- **WORK ORDER**: An exact copy of every entry is needed, with the images left out.

SOURCE DATA: Begin

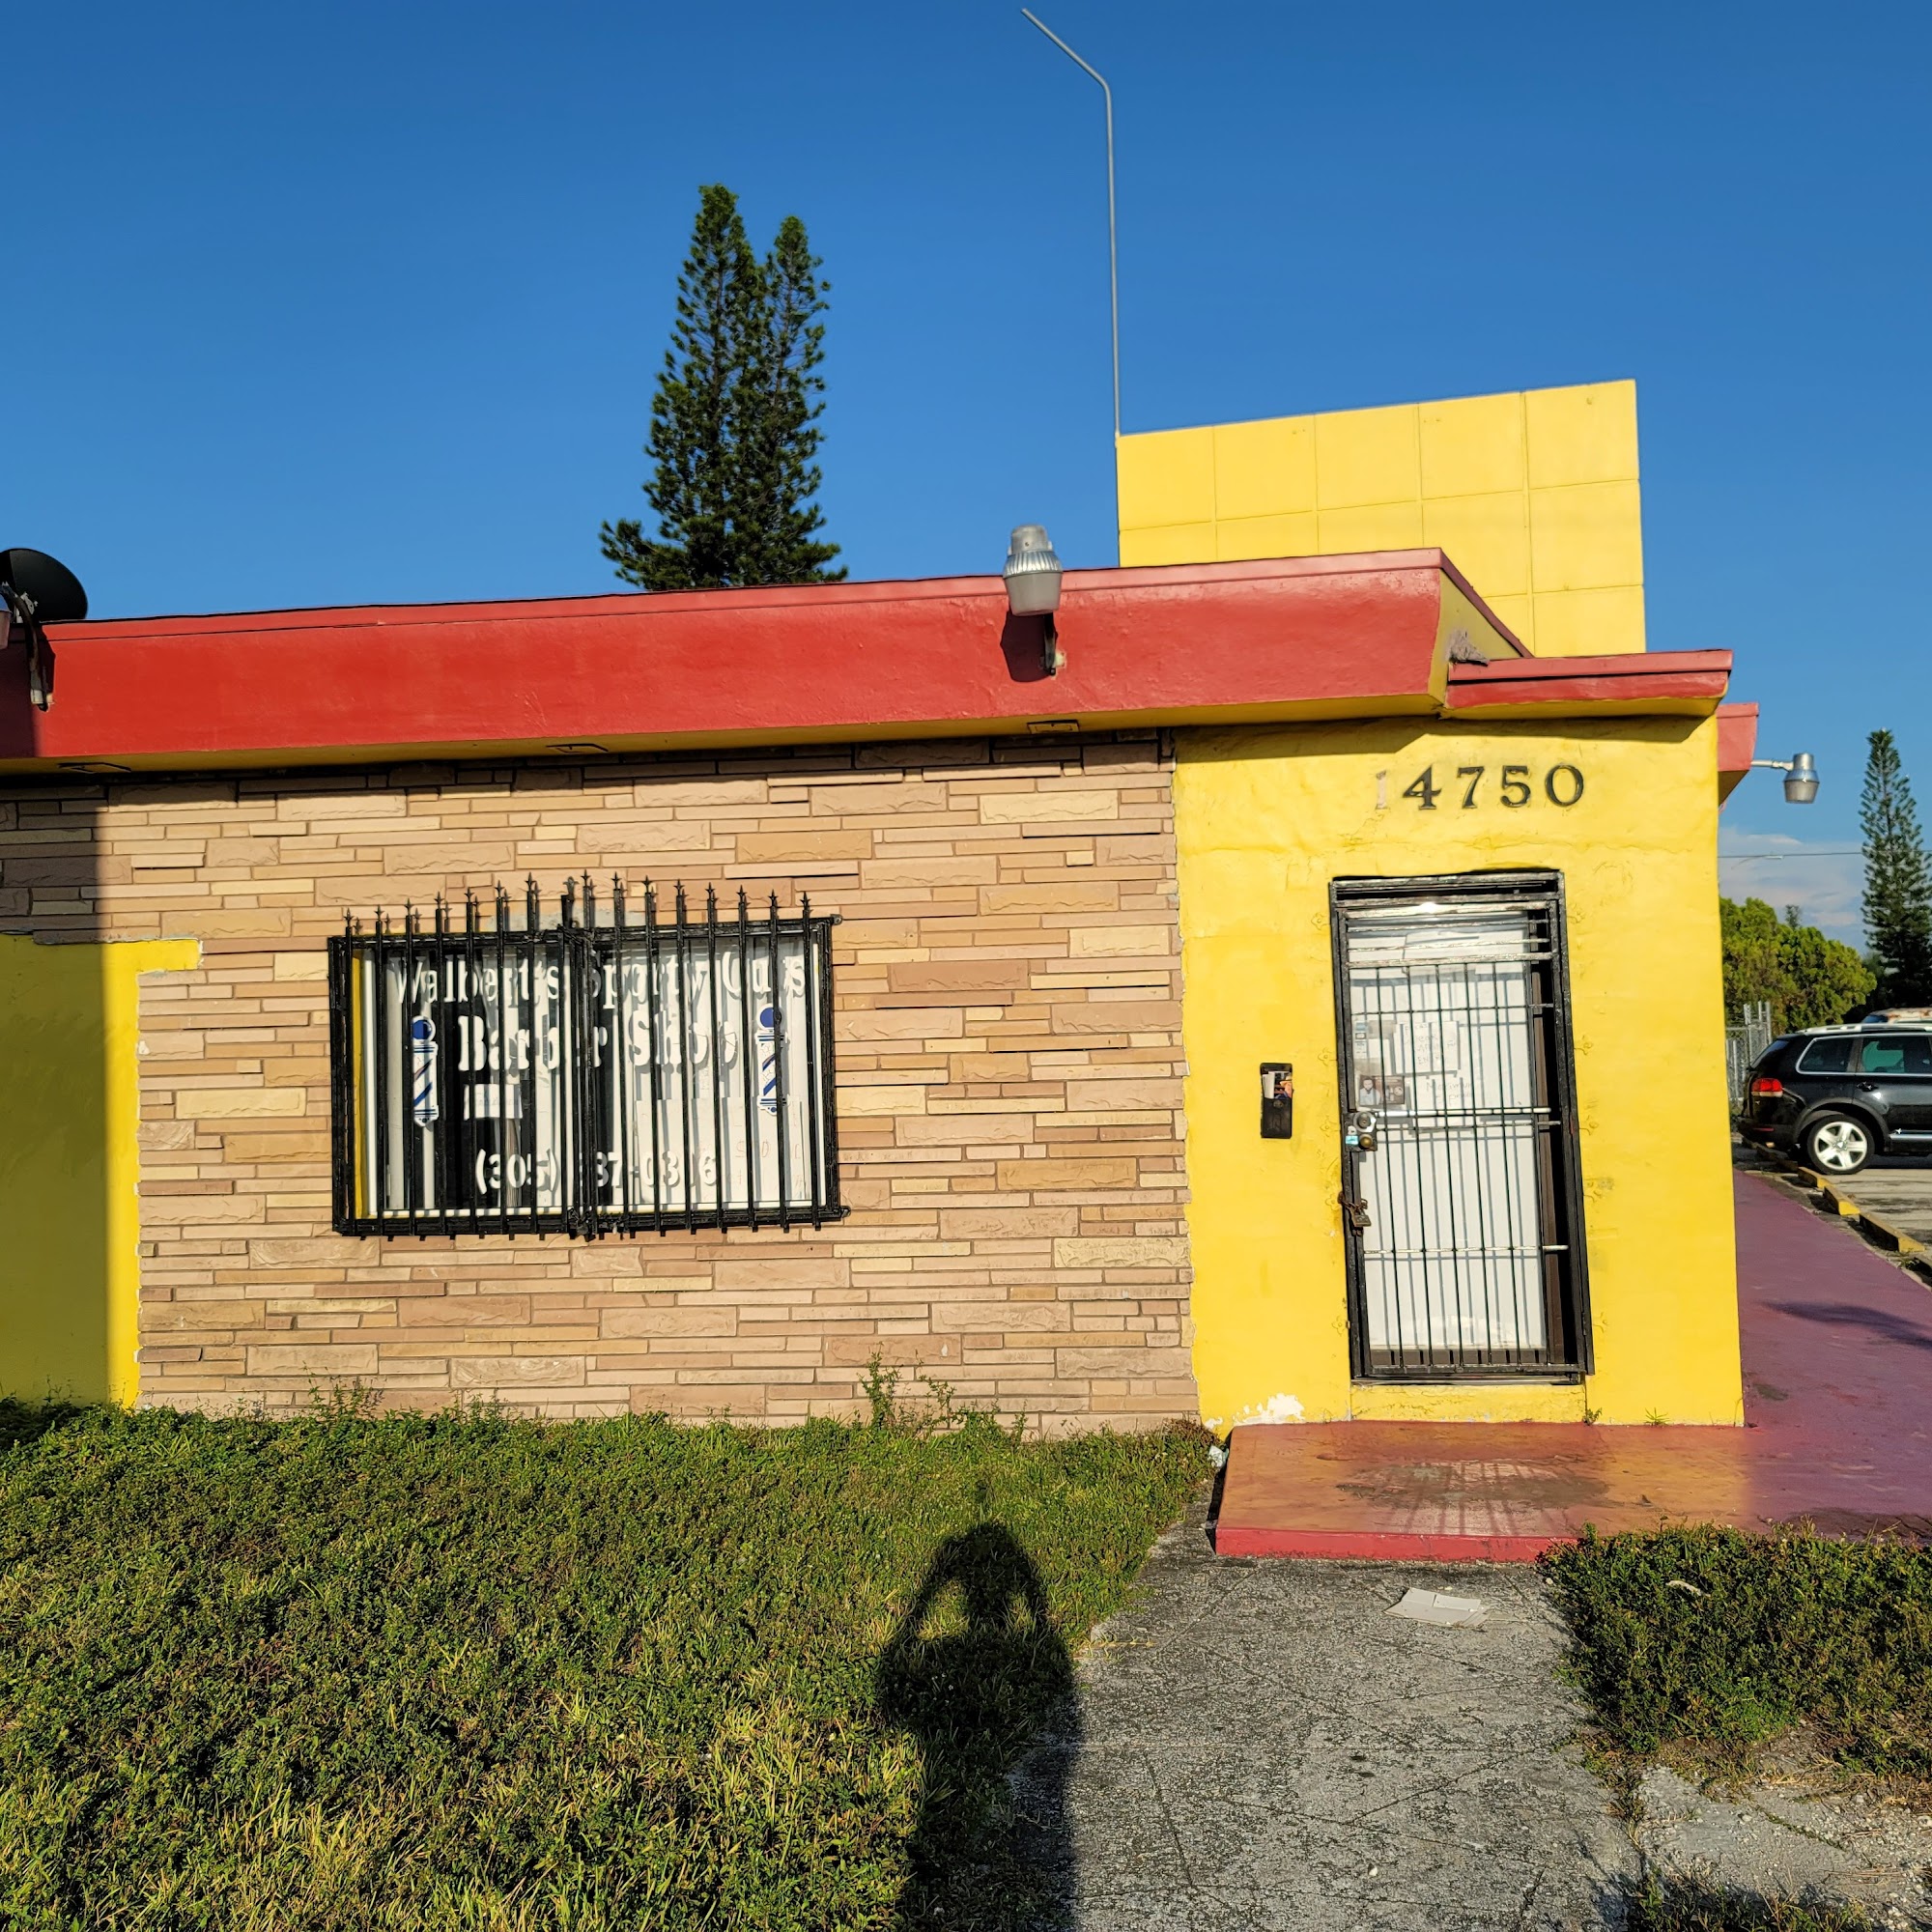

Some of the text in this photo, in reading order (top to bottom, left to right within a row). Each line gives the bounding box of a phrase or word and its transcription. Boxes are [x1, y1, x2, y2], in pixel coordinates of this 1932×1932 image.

[722, 952, 806, 997] Cus
[458, 1014, 609, 1071] Barbr
[474, 1148, 718, 1193] (305) 87-036
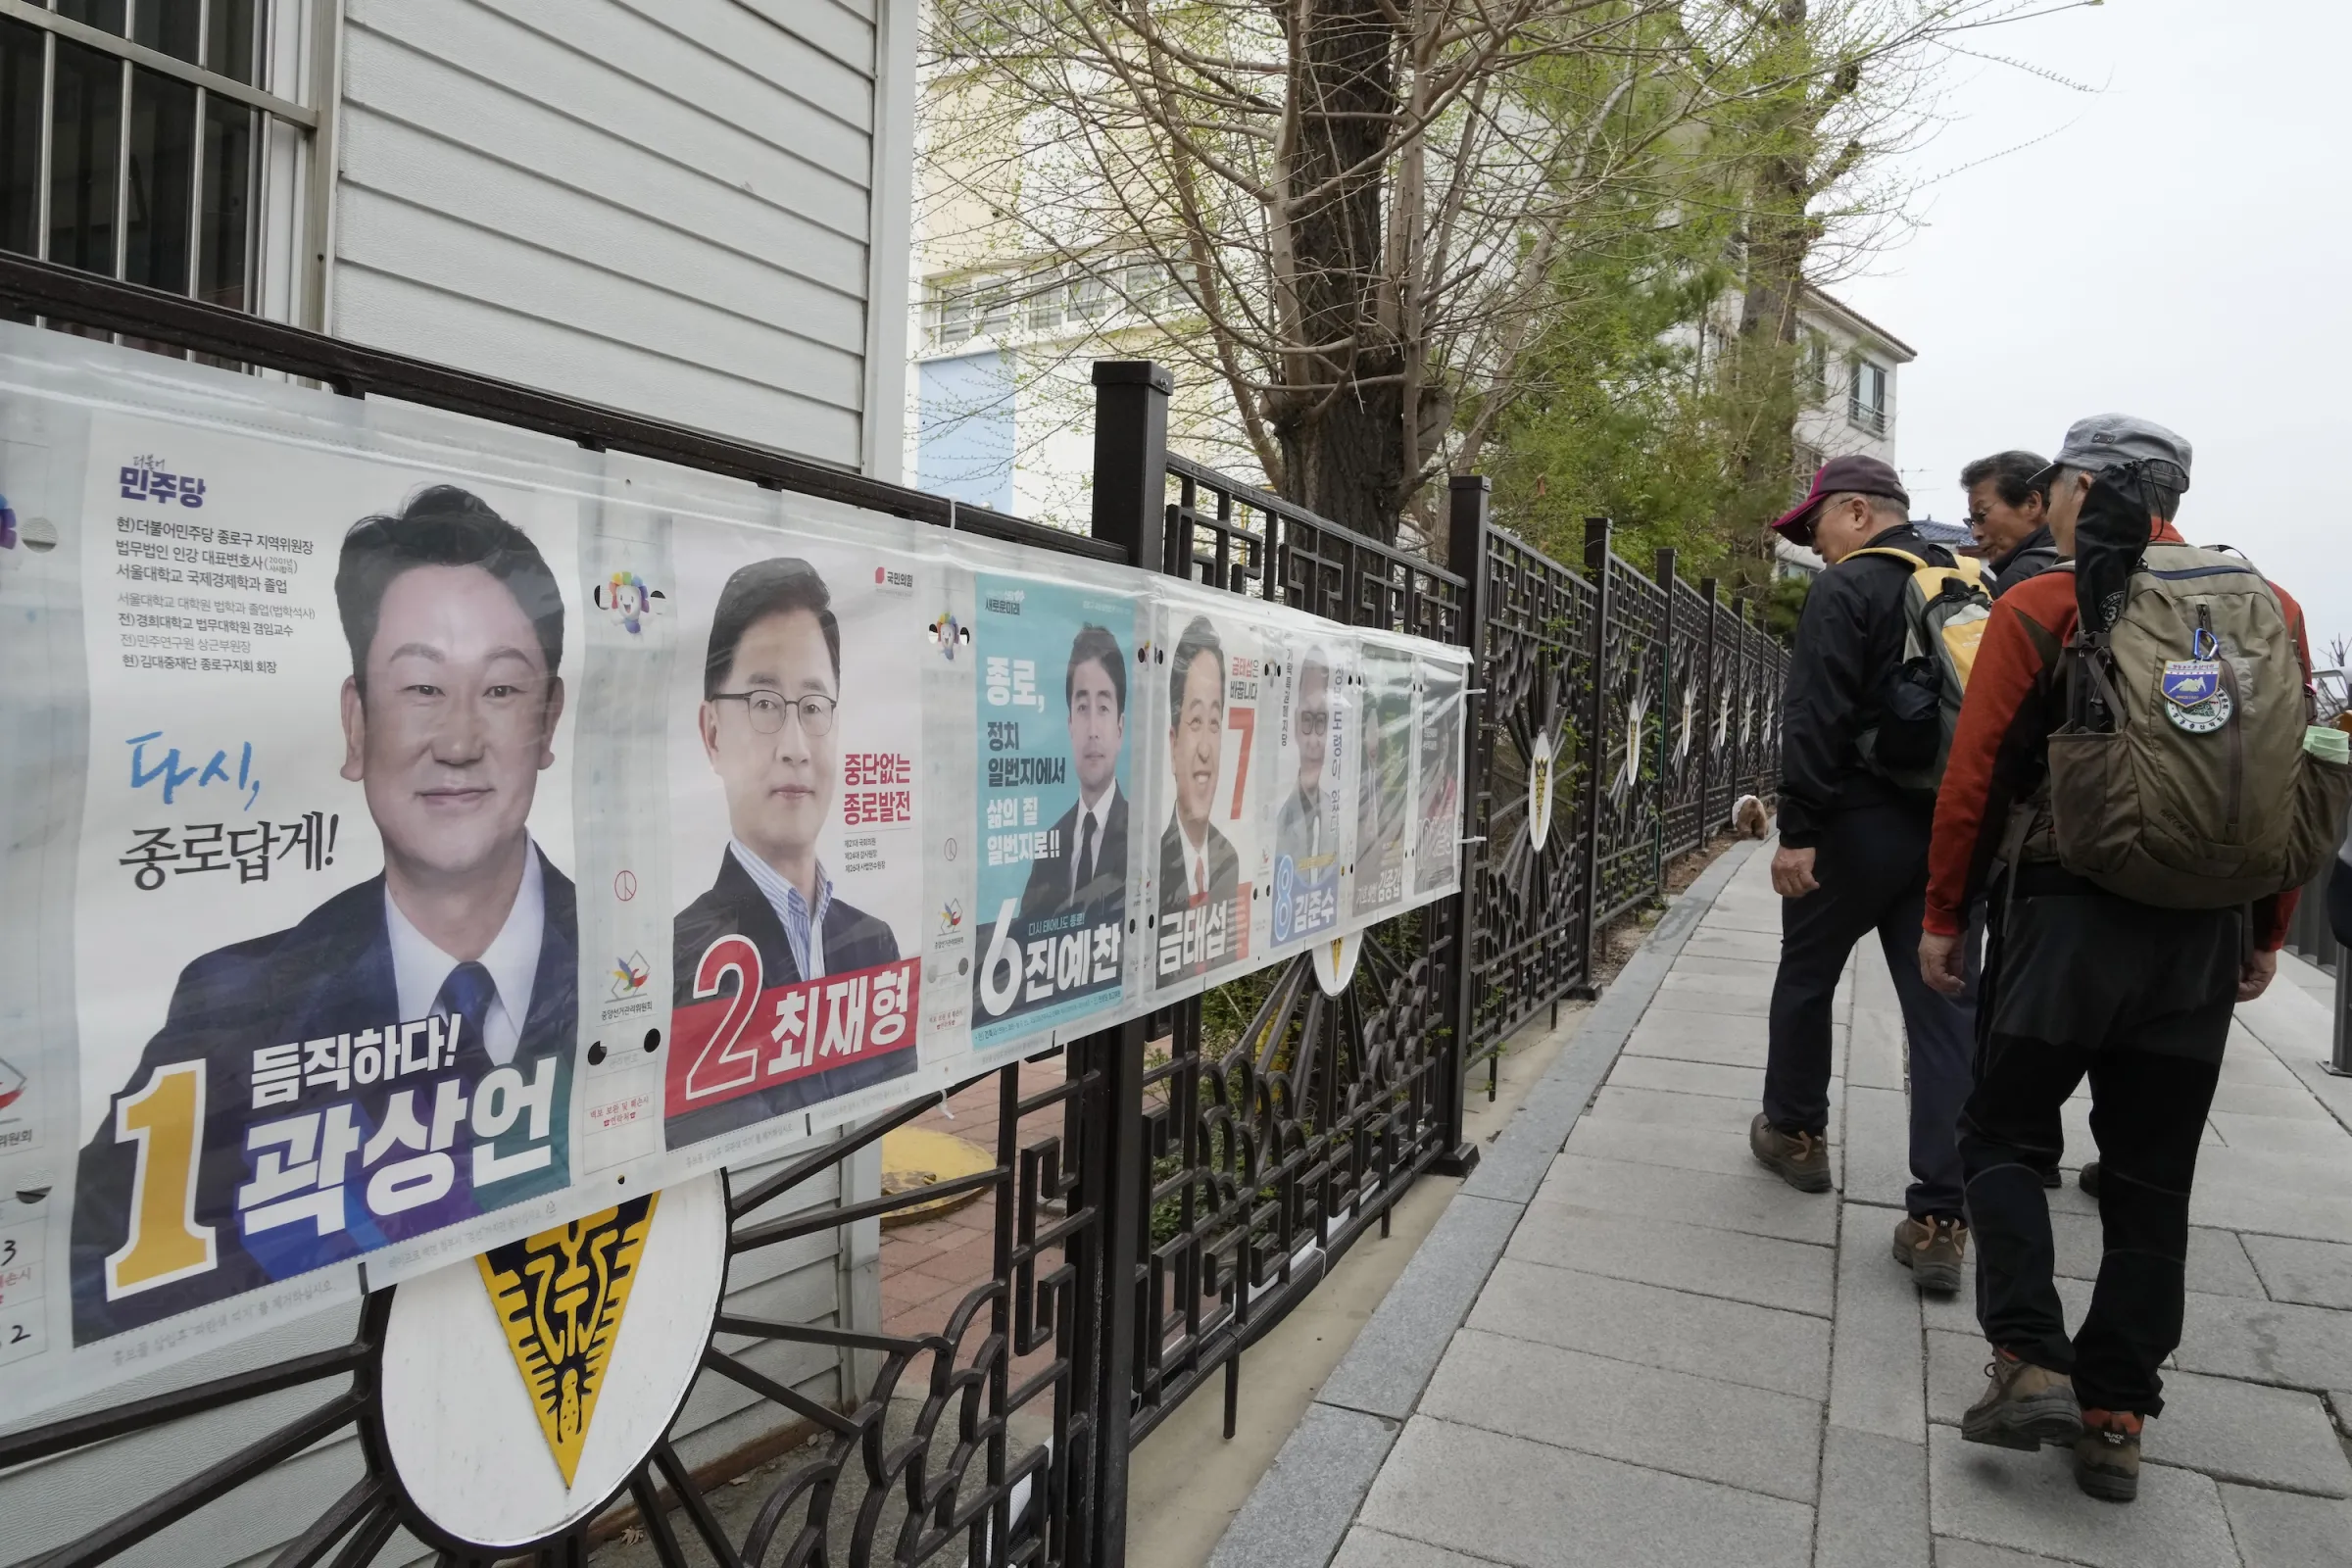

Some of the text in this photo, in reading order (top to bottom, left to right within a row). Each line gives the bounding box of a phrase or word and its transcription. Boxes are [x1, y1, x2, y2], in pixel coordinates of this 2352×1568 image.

SOURCE DATA: End

- **OUTPUT**:
Some of the text in this photo, in reading order (top to bottom, left to right within a row). Each line gives the bounding box of a phrase or word and its transcription. Boxes are [x1, y1, x2, y2], in pixel coordinates of this 1932×1932 image.

[722, 952, 806, 997] Cus
[458, 1014, 609, 1071] Barbr
[474, 1148, 718, 1193] (305) 87-036

Some of the text in this photo, in reading order (top to bottom, left to right within a row). Each line gives the bounding box of a phrase or word and its transcription. Boxes are [x1, y1, x2, y2], in pixel coordinates of this 2352×1568 image.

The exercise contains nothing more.